→ **Your instructions**
Please return each entry that follows exactly as given, but without pictures.

→ **Provided information**
=== Section Start ===

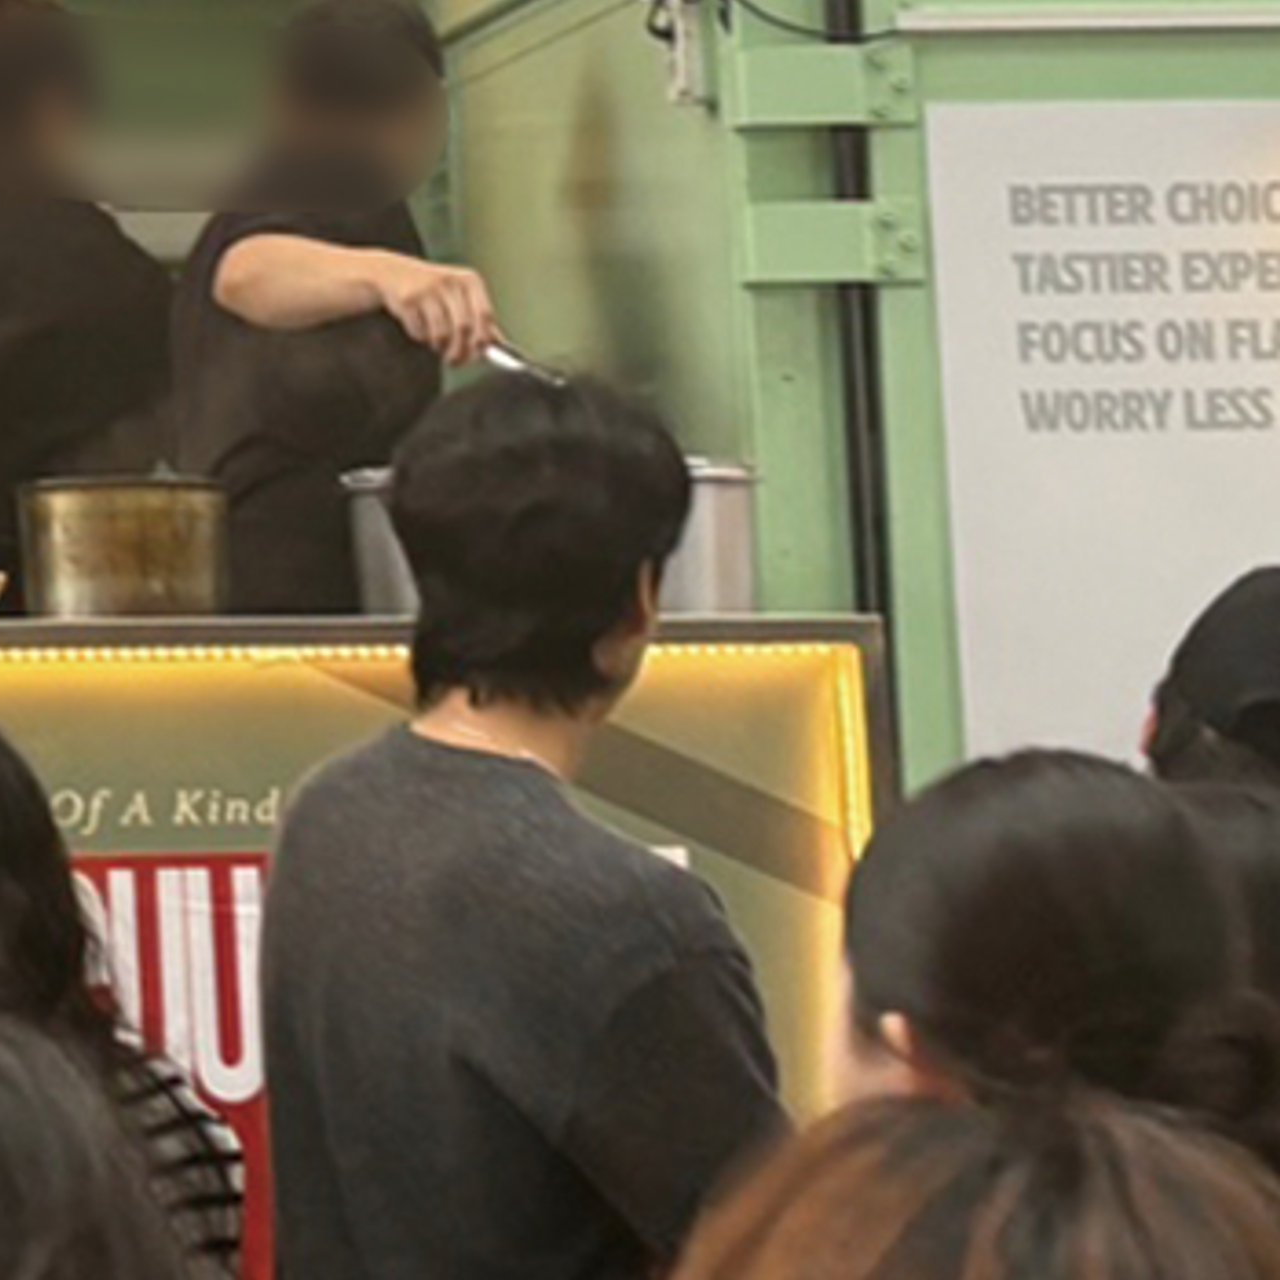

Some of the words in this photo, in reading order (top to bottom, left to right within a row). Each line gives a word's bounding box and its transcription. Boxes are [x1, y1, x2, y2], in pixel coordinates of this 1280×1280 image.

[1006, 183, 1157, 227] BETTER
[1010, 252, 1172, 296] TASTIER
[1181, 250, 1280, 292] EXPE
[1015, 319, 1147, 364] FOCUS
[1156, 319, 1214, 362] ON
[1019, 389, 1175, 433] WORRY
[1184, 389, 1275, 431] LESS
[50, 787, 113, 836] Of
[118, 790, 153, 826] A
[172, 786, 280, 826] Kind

=== Section End ===

→ **Your solution**
Some of the words in this photo, in reading order (top to bottom, left to right within a row). Each line gives a word's bounding box and its transcription. Boxes are [x1, y1, x2, y2], in pixel coordinates of this 1280×1280 image.

[1006, 183, 1157, 227] BETTER
[1010, 252, 1172, 296] TASTIER
[1181, 250, 1280, 292] EXPE
[1015, 319, 1147, 364] FOCUS
[1156, 319, 1214, 362] ON
[1019, 389, 1175, 433] WORRY
[1184, 389, 1275, 431] LESS
[50, 787, 113, 836] Of
[118, 790, 153, 826] A
[172, 786, 280, 826] Kind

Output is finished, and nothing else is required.